You must be wondering: what on earth does all this have to do with Kicking Off?
I had three books planned for my series Maisie in Hollywood. This article kicks off my thinking for a book four, dealing with Maisie’s time as a Denishawn Dancer. I’ve created many a showgirl-style ensemble. Now I’ll tackle the flip side of that coin, the serious artist under the direction of, as he came to be known, ‘The Father of Dance.’
by Curtis Bausse
I sat on the sofa listening to the voices from the kitchen. I couldn’t hear what was being said but Ray was getting a rocket bigger than anything Elon Musk could dream of. Eventually he came back in, slamming the door behind him, and placed a six-pack on the table.
‘Happens every time,’ he said. ‘And the more important it is, the worse she gets.’
‘Shit, Ray, I’m sorry. Maybe I should leave.’
‘Not your fault. It’s the way she is.’ He stared moodily at the screen, then added, ‘I think this time it might be final.’
‘She’s had enough. I’ve used up all my chances.’
A moment later, another door slammed, and Jackie got into the car and drove off like a bat out of hell.
‘Look, I’ll leave,’ I said. ‘You need to go after her. Bring her round. It’s your marriage on the line here.’

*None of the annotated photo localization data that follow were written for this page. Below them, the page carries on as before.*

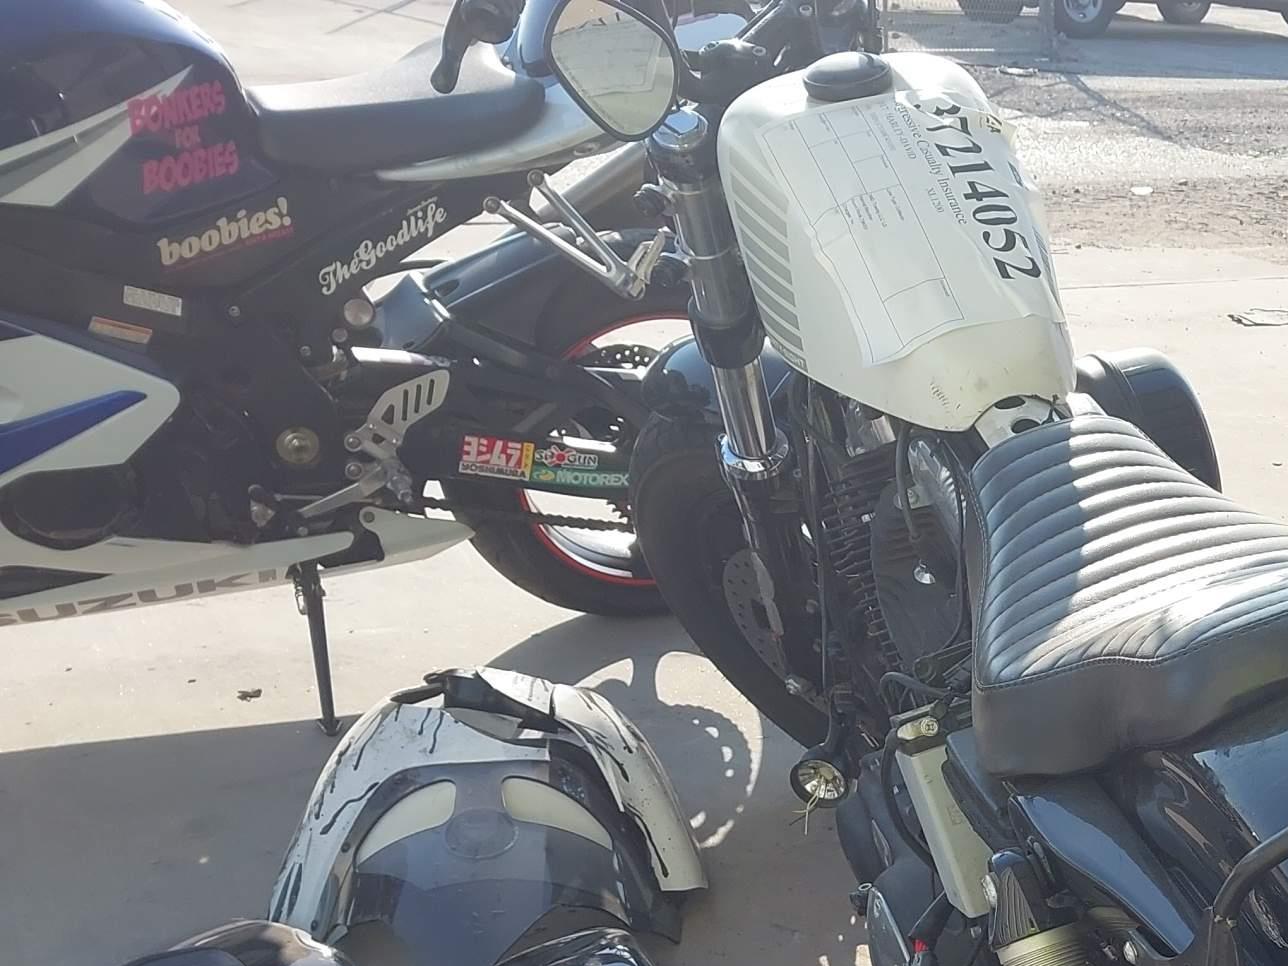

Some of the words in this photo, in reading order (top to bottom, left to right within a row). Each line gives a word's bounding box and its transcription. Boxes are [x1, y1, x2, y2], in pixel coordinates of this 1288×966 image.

[128, 80, 226, 135] BONKERS
[142, 141, 239, 194] BOOBIES
[914, 103, 1042, 281] 37214052
[937, 177, 968, 225] Insurance
[157, 196, 292, 266] boobies!
[461, 462, 527, 479] YOSHIMURA
[463, 435, 521, 467] ヨシムラ
[556, 469, 630, 486] MOTOREX
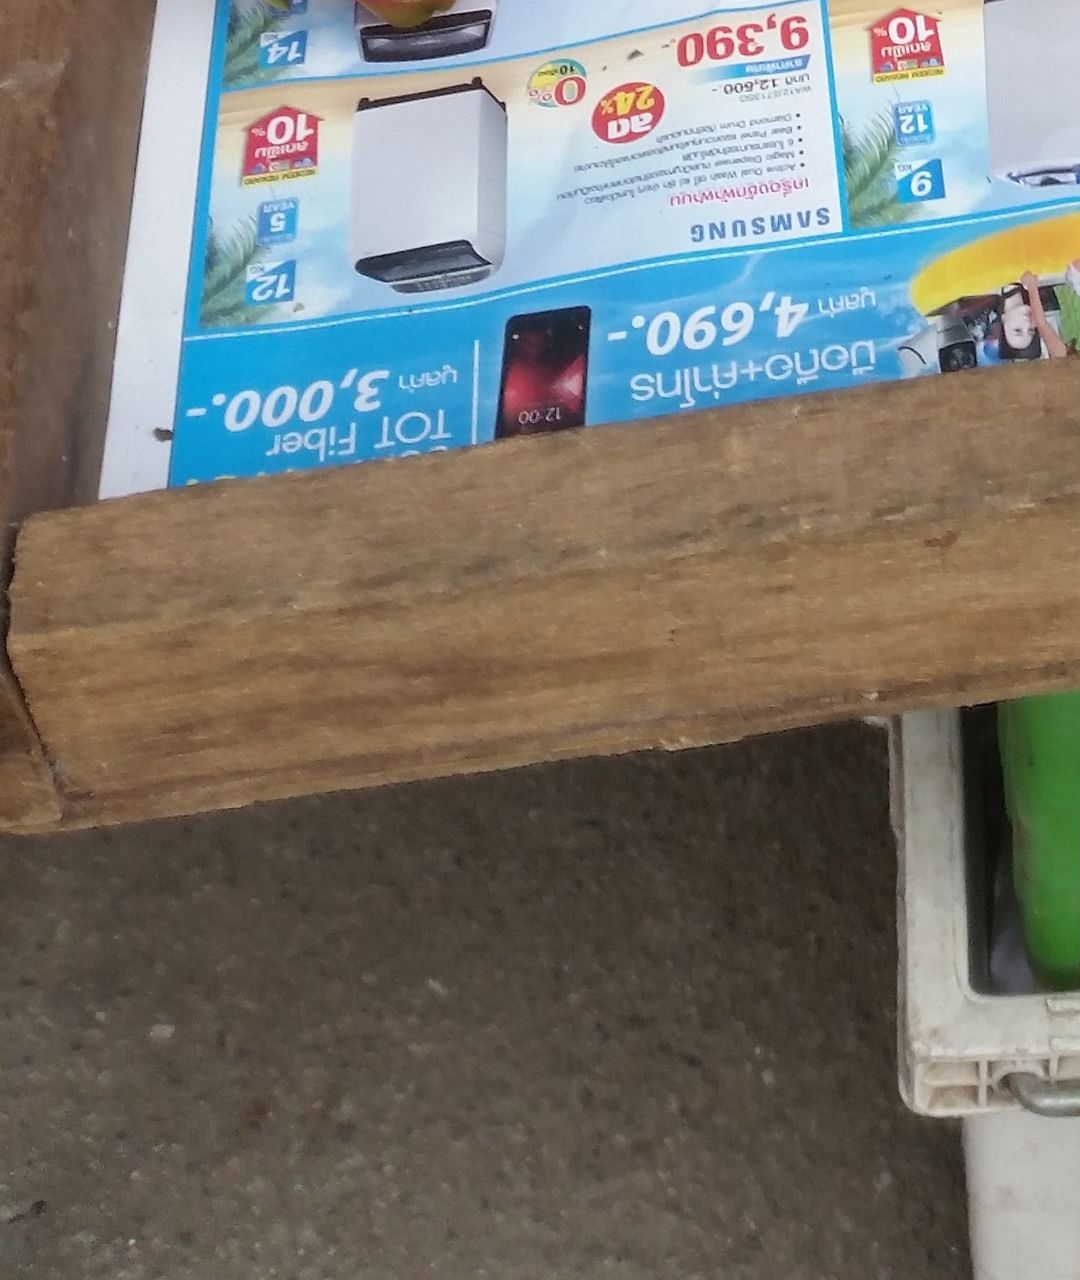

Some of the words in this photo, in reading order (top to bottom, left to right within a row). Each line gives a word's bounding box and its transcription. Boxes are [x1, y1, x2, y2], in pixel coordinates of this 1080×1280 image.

[661, 13, 810, 68] 9,390.-
[873, 14, 935, 45] 10%
[266, 40, 303, 64] 14
[599, 83, 656, 118] 24%
[250, 113, 315, 145] 10%
[607, 112, 654, 139] ลด
[899, 112, 929, 134] 12
[910, 170, 933, 197] 9
[270, 212, 286, 233] 5
[689, 207, 831, 243] SAMSUNG
[252, 271, 292, 302] 12
[817, 289, 877, 314] มูลค่า
[607, 290, 810, 356] 4,690.-
[398, 364, 458, 394] มูลค่า
[185, 368, 391, 433] 3,000.-
[265, 422, 357, 463] Fiber
[373, 408, 452, 449] TOT
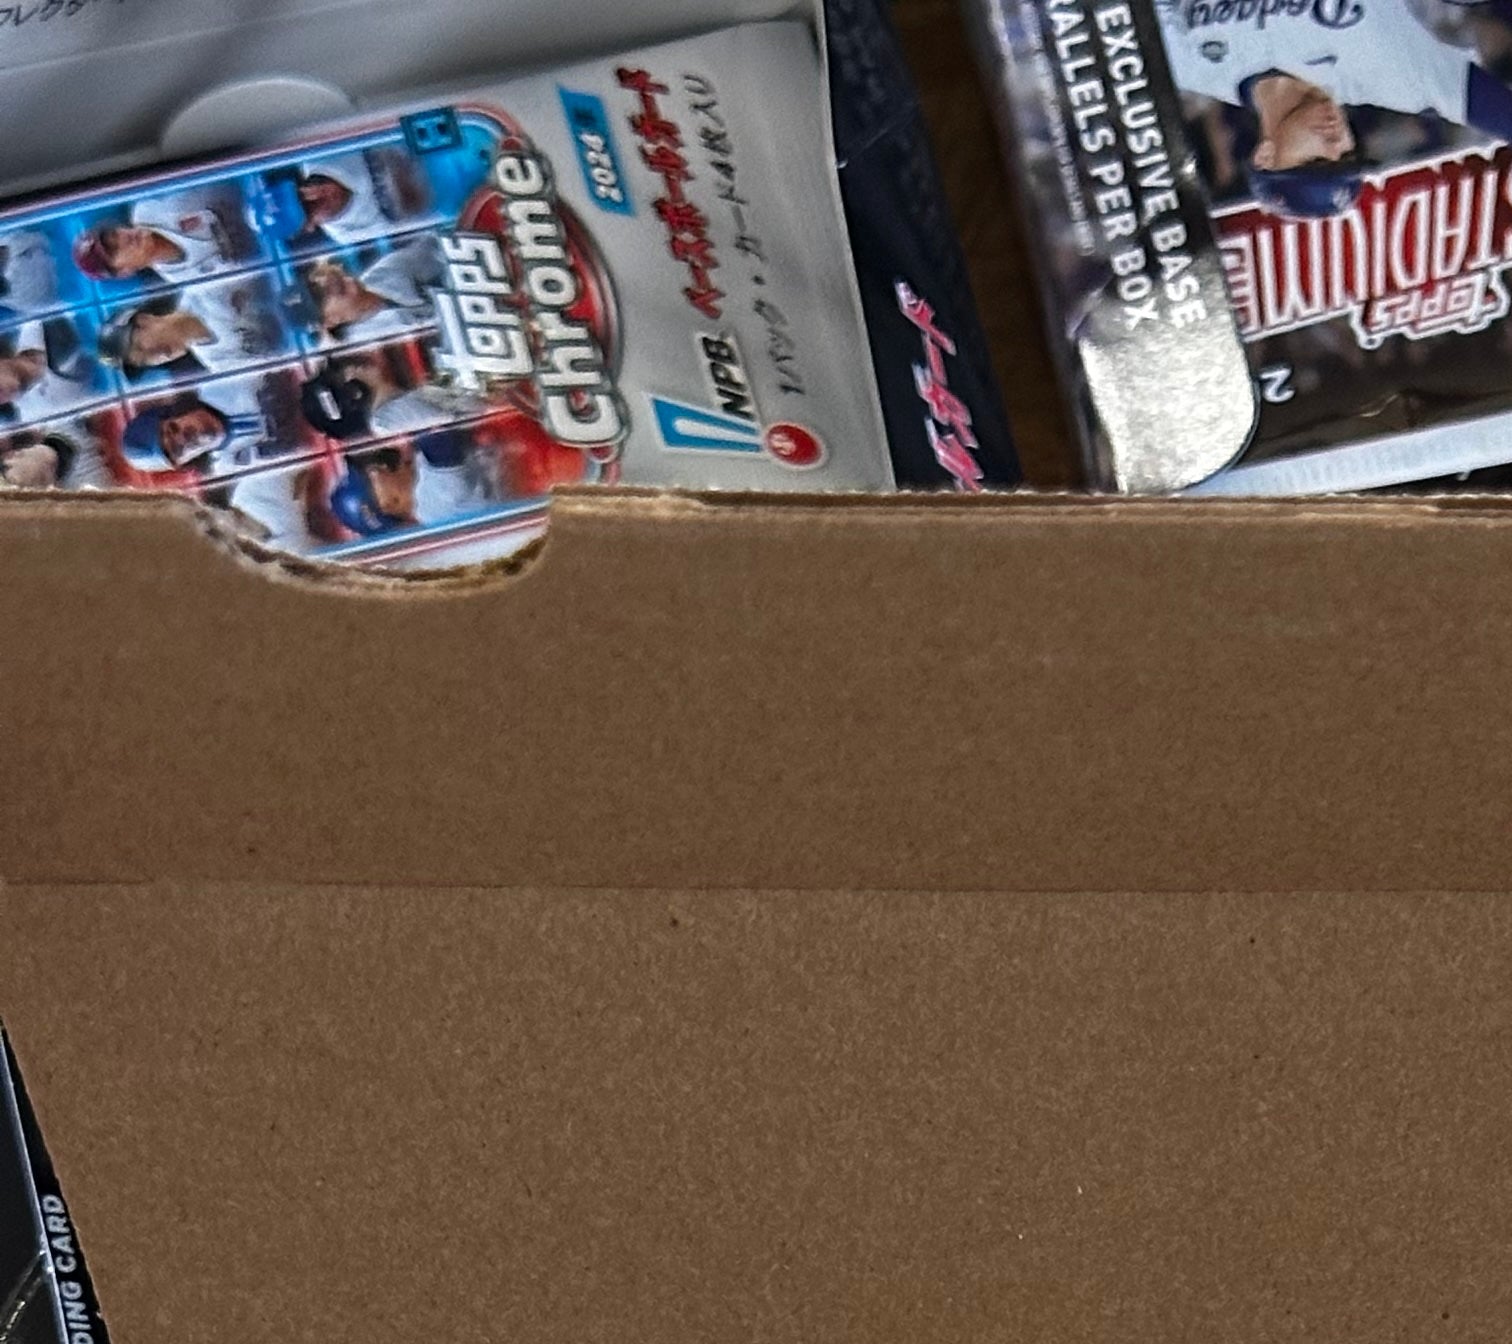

For a while he seemed undecided. Then he opened a can, slid it over to me and took one for himself. ‘For Christ’s sake,’ he said, ‘it doesn’t get more important than this. The final. They’re kicking off in ten minutes.’
All You Have To Do
by S.T. Ranscht
It began as a joke, a harmless prank. Isn’t that what big brothers are for?
“It’s true, I promise you,” I told her, “but only special people can do it.” She was six and I was eleven — she had to believe me.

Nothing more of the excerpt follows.